U.S. vs. Canada: Same Drug, Different Bill.

Let’s start with insulin. In Canada? About $30 a vial. In the U.S.? Try $300. That’s not a typo. And it’s not a rare case either. EpiPen, Humira, Advair, they all cost dramatically less across the border.

Why? Because Canada negotiates. The U.S. does not.

You heard that right. In the land of freedom and Costco memberships, Medicare is literally banned by law from negotiating drug prices. That’s thanks to a little love letter to Big Pharma buried inside the Medicare Part D legislation back in 2003. And it’s been making pharmaceutical companies richer and patients sicker ever since.

Canadian patients get the same drugs for a fraction of the price because their government steps in and sets limits. Here? We let the market “decide,” which really means pharma sets the price as high as they think they can get away with. And, surprise, they can get away with a lot.

Same Factory. Same Pill. Triple the Price.

The high prices aren’t because the drugs are better here. They’re not fresher. They’re not purer. They’re not hand-blessed by Harvard scientists in a sterile lab surrounded by swans.

Many of these medications are manufactured in the same exact FDA-approved plants and then shipped globally. The only thing that changes is the border and the price tag.

What you’re paying for isn’t production. You’re paying for marketing budgets that convince you to “ask your doctor” about medications you didn’t know existed. You’re paying for executive bonuses, shareholder payouts, and political influence. Lots of political influence.

This isn’t about healthcare. It’s about profit margins. You don’t see CEOs rationing insulin. But patients do. Every single day.

Why It’s Allowed (Hint: Lobbyists Run This Town).

Big Pharma spends more on lobbying than oil, defense, and tech combined. They practically live in Congress’s guest room.

This is why the U.S. doesn’t have price caps. This is why Medicare can’t negotiate. This is why every “reform” gets watered down before it even reaches the floor. The people writing the checks are the same people writing the laws.

Take Mylan and the EpiPen scandal. Between 2007 and 2016, they jacked up the price by over 400 percent. From around $100 for a two-pack to over $600. Same device. Same drug. Just pure greed wrapped in the excuse of “market dynamics.” The CEO walked away with a $19 million salary while parents were rationing life-saving allergy medication for their kids.
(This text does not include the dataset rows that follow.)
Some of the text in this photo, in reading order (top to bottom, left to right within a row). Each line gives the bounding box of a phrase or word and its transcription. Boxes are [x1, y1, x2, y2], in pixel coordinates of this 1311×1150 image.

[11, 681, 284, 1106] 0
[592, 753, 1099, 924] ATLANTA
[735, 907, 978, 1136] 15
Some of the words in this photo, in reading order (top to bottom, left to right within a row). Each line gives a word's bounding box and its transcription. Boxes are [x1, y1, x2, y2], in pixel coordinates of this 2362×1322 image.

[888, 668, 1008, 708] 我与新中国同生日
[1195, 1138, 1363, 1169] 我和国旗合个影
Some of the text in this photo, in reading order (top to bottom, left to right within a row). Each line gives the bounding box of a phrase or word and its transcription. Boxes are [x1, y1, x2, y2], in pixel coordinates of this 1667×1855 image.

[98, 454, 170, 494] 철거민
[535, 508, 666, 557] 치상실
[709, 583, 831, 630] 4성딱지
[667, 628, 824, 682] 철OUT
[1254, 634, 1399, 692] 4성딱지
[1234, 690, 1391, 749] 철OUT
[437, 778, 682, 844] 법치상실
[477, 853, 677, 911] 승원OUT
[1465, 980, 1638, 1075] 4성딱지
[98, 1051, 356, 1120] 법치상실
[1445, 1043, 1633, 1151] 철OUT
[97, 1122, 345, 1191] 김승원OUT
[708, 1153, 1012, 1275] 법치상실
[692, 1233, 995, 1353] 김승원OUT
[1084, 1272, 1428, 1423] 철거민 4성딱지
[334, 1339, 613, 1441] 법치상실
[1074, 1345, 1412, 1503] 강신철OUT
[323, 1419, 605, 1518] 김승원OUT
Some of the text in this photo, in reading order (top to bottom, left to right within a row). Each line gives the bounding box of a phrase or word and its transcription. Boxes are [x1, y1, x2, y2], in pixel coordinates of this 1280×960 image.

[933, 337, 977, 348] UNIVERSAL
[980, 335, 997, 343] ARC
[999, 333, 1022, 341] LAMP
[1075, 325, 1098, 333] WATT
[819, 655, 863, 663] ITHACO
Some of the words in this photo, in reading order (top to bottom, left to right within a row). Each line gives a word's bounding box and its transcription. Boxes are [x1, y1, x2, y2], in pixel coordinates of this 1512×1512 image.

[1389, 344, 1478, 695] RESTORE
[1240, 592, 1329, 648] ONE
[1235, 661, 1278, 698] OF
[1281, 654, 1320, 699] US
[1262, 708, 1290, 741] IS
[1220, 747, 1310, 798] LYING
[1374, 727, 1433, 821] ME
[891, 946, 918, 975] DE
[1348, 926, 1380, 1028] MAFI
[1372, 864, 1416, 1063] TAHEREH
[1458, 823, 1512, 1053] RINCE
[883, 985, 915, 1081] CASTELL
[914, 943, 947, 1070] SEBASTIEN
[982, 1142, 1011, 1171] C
The CEO took home nearly $20 million last year while families were cutting EpiPens in half and praying their kid would not need a second dose.

And that $4 pill from Canada? It gets a brand name slapped on it, the price jumps to $400, and suddenly it is starring in a dreamy commercial with people skipping through a field of sunflowers. All so you will “ask your physician” as if that solves anything. Please. Ask your wallet instead.

What You Can Actually Do…

Ask for generics. Always. Many are identical to brand-name drugs but cost up to 90 percent less. And if your doctor gives you grief about it, ask them directly if the generic failed you or just failed the sales rep who brought lunch last week.

Use GoodRx, Blink Health, or Cost Plus Drugs to check prices even if you have insurance. Sometimes the cash price is lower than your copay. The system is so broken that paying out of pocket can literally be cheaper than using your “coverage.” Let that sink in.

Compare costs across pharmacies. One CVS may charge $140 while the one two miles away charges $60. There’s no logic to it. Just pricing craziness that works in their favor, not yours.

And support policy changes that allow Medicare to negotiate and cap prices. The Inflation Reduction Act started this for a handful of drugs. It’s a start, but it’s nowhere near enough. We need this for all of them.

The Bottom Line….

If pharma companies had to list their prices in commercials the same way restaurants list calories, half of them would be pulled off the air. Because no one wants to hear “side effects may include nausea, dizziness, and an empty savings account.”

This is not about science. It’s about sales. And until we fix the system, the U.S. will keep paying the highest prices in the world while pretending we are getting the best care possible.

We are not.

We are just getting robbed in plain sight.